=== WHAT THIS TASK INVOLVES ===
Copy the data below exactly, but not the pictures it contains.

=== DATA FOR THIS EXERCISE ===
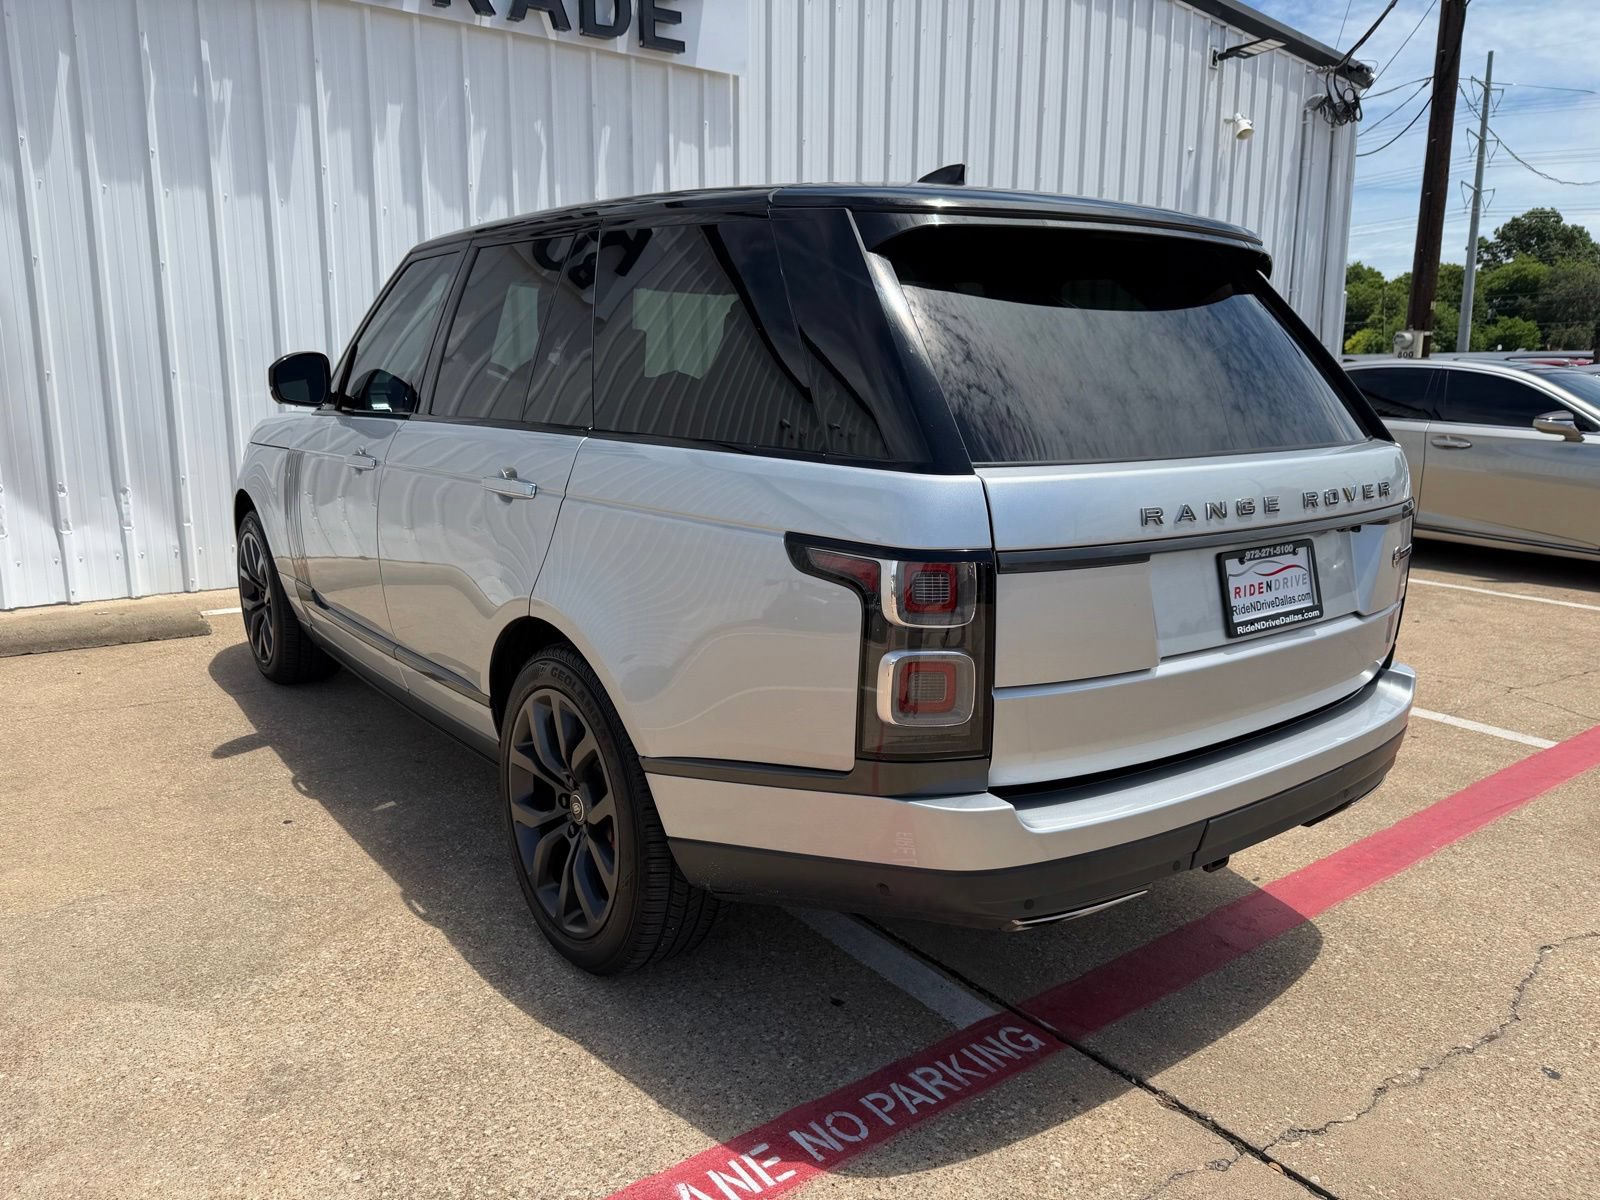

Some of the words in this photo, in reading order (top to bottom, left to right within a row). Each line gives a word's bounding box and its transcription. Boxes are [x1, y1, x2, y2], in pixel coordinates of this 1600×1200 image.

[1140, 496, 1281, 526] RANGE
[1302, 481, 1391, 509] ROVER
[1244, 544, 1294, 560] 972-271-5100
[1231, 591, 1312, 616] RideNDriveDallas.com
[1236, 609, 1320, 635] RideNDriveDallas.com
[788, 1110, 870, 1162] NO
[858, 1026, 1047, 1127] PARKING

=== COMPLETED EXERCISE ===
Some of the words in this photo, in reading order (top to bottom, left to right within a row). Each line gives a word's bounding box and its transcription. Boxes are [x1, y1, x2, y2], in pixel coordinates of this 1600×1200 image.

[1140, 496, 1281, 526] RANGE
[1302, 481, 1391, 509] ROVER
[1244, 544, 1294, 560] 972-271-5100
[1231, 591, 1312, 616] RideNDriveDallas.com
[1236, 609, 1320, 635] RideNDriveDallas.com
[788, 1110, 870, 1162] NO
[858, 1026, 1047, 1127] PARKING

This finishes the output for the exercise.